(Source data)
______

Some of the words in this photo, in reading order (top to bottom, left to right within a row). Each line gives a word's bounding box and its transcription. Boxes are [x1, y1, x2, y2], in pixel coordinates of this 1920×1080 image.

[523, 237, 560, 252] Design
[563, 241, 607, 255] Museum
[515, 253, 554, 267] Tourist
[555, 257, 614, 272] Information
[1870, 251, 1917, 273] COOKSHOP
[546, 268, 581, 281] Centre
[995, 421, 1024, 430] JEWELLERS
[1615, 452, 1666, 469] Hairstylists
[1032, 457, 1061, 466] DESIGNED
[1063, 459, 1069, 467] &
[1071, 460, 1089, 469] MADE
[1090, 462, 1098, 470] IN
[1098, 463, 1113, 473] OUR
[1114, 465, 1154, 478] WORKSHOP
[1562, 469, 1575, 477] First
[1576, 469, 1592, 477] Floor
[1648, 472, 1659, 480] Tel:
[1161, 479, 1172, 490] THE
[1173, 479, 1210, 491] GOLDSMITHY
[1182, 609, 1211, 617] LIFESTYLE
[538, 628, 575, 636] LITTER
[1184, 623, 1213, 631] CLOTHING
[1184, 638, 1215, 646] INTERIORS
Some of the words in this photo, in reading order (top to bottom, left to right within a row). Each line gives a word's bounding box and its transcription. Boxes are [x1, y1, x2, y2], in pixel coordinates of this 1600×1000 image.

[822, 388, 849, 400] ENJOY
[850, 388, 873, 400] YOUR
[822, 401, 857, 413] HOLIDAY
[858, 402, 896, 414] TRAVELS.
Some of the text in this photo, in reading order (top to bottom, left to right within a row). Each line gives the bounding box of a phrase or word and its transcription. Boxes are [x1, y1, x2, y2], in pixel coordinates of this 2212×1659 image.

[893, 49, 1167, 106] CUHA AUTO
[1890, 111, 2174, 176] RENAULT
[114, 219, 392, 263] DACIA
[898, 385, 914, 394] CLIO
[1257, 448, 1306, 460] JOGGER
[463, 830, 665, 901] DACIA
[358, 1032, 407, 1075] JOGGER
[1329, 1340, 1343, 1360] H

______

Please restate, exactly as written, the line that holds "this 1600×1000 image." and all remaining lines of the data above, and only those.

[Exercise response]:
Some of the words in this photo, in reading order (top to bottom, left to right within a row). Each line gives a word's bounding box and its transcription. Boxes are [x1, y1, x2, y2], in pixel coordinates of this 1600×1000 image.

[822, 388, 849, 400] ENJOY
[850, 388, 873, 400] YOUR
[822, 401, 857, 413] HOLIDAY
[858, 402, 896, 414] TRAVELS.
Some of the text in this photo, in reading order (top to bottom, left to right within a row). Each line gives the bounding box of a phrase or word and its transcription. Boxes are [x1, y1, x2, y2], in pixel coordinates of this 2212×1659 image.

[893, 49, 1167, 106] CUHA AUTO
[1890, 111, 2174, 176] RENAULT
[114, 219, 392, 263] DACIA
[898, 385, 914, 394] CLIO
[1257, 448, 1306, 460] JOGGER
[463, 830, 665, 901] DACIA
[358, 1032, 407, 1075] JOGGER
[1329, 1340, 1343, 1360] H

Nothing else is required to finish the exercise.